In general, I try to accept all birthday party invitations to which my kids have been graciously invited. At ages 4 and 8, my kids are in the birthday sweet spot where the only thing more important to them than their birthday is their friend’s birthdays.

But when you are the parent of one, or more, school aged children your weekend is basically a 2-day black hole of you being the world’s poorest paid Uber driver whose car only goes to soccer games and birthday parties. There will come a time when no matter how excited you are for the guest of honor that he or she is having his or her birthday, you’ll be a little sad for yourself that your newspaper will go unread and your running shoes will go unused.

In the over 200 birthday parties which I’ve attended as my children’s unpaid chauffeur and body man, I’ve noticed that all kid’s birthday parties have one thing in common: there’s nothing for the parents to do.  I don’t need to be entertained, but I wouldn’t mind a chair.

You see in between the infant ages in which kid’s parties are really just a chance for infants to sneeze on each other while the guest of honor’s parents Instagram it and before those magical three words, “Drop Off Party” accompany every Paperless Post invitation, there’s the toddler/kid stage known as: Mom and Dad have to drive me and make sure I know where the bathroom is.

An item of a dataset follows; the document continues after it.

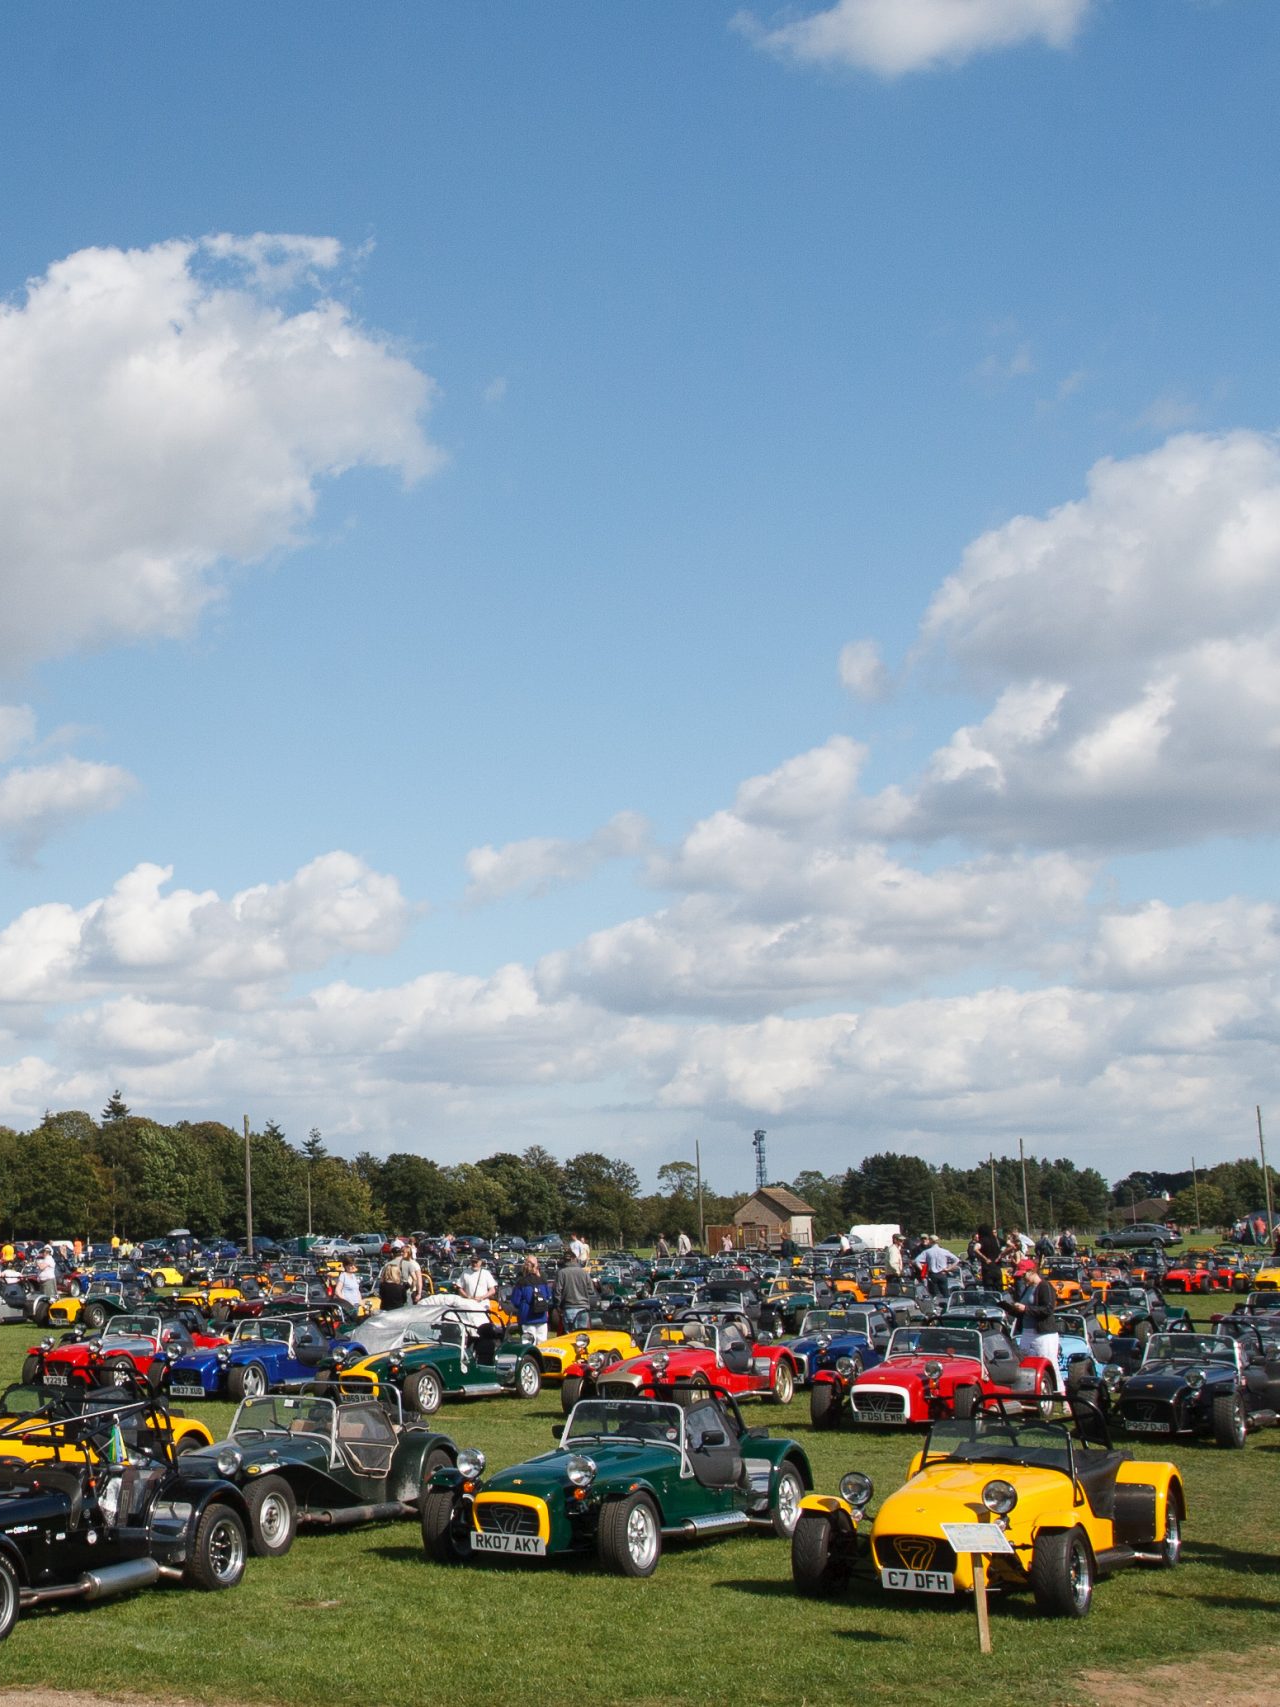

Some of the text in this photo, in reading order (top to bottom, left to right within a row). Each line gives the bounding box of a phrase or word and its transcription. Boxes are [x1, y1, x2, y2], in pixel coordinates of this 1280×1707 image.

[1136, 1402, 1157, 1421] 7
[475, 1534, 540, 1552] RK07 AKY
[887, 1571, 948, 1591] C7 DFH
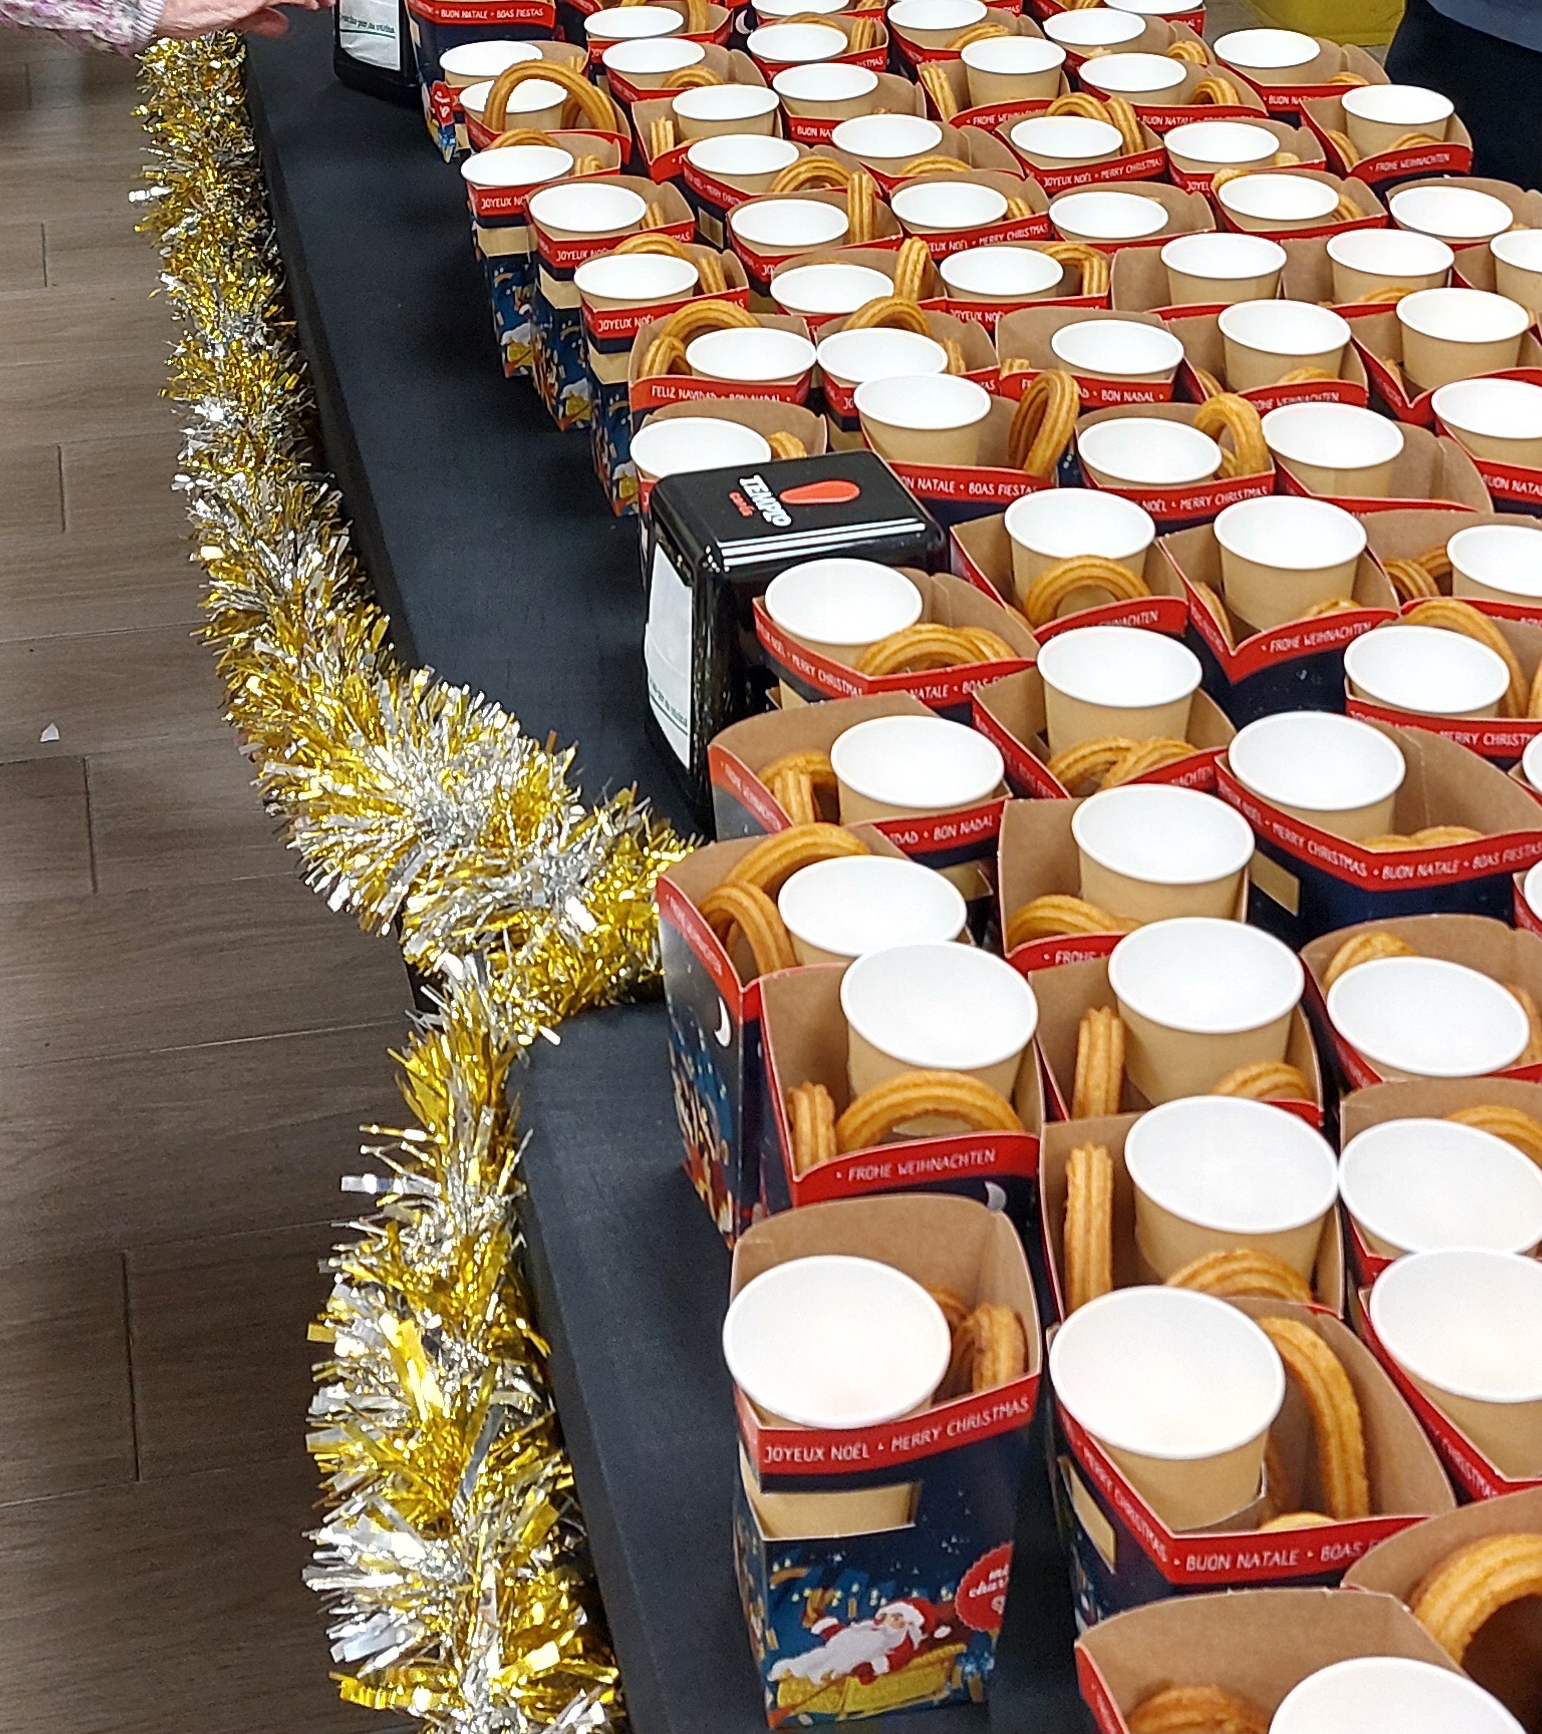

This is the stage Justin and I are in. Our big one is almost out of it, but our little one is knee deep in birthday party season.  Our weekends consist of watching our kids enjoy themselves while we follow them through bounce house parties wondering why the host didn’t tell us the adults need socks.

I love seeing my own friends at kid’s parties and I’m thrilled my kids have been included and invited, but I can’t help but notice that parents don’t really talk to each other at birthday parties and there’s rarely a place to sit down. The dads never seem to mind the judgmental stares that come from everyone else as they spend the duration of the party scrolling through Facebook while their own child bites someone or steals their toy, but no Mom is willing to be “the mom on her phone” at the kid’s party despite really really wanting to.

So we just stand there trying not to admit that we don’t really want to walk around in a pair of socks, holding our kid’s sweater, waiting for it to be over so we can potentially make it to spin class or yoga.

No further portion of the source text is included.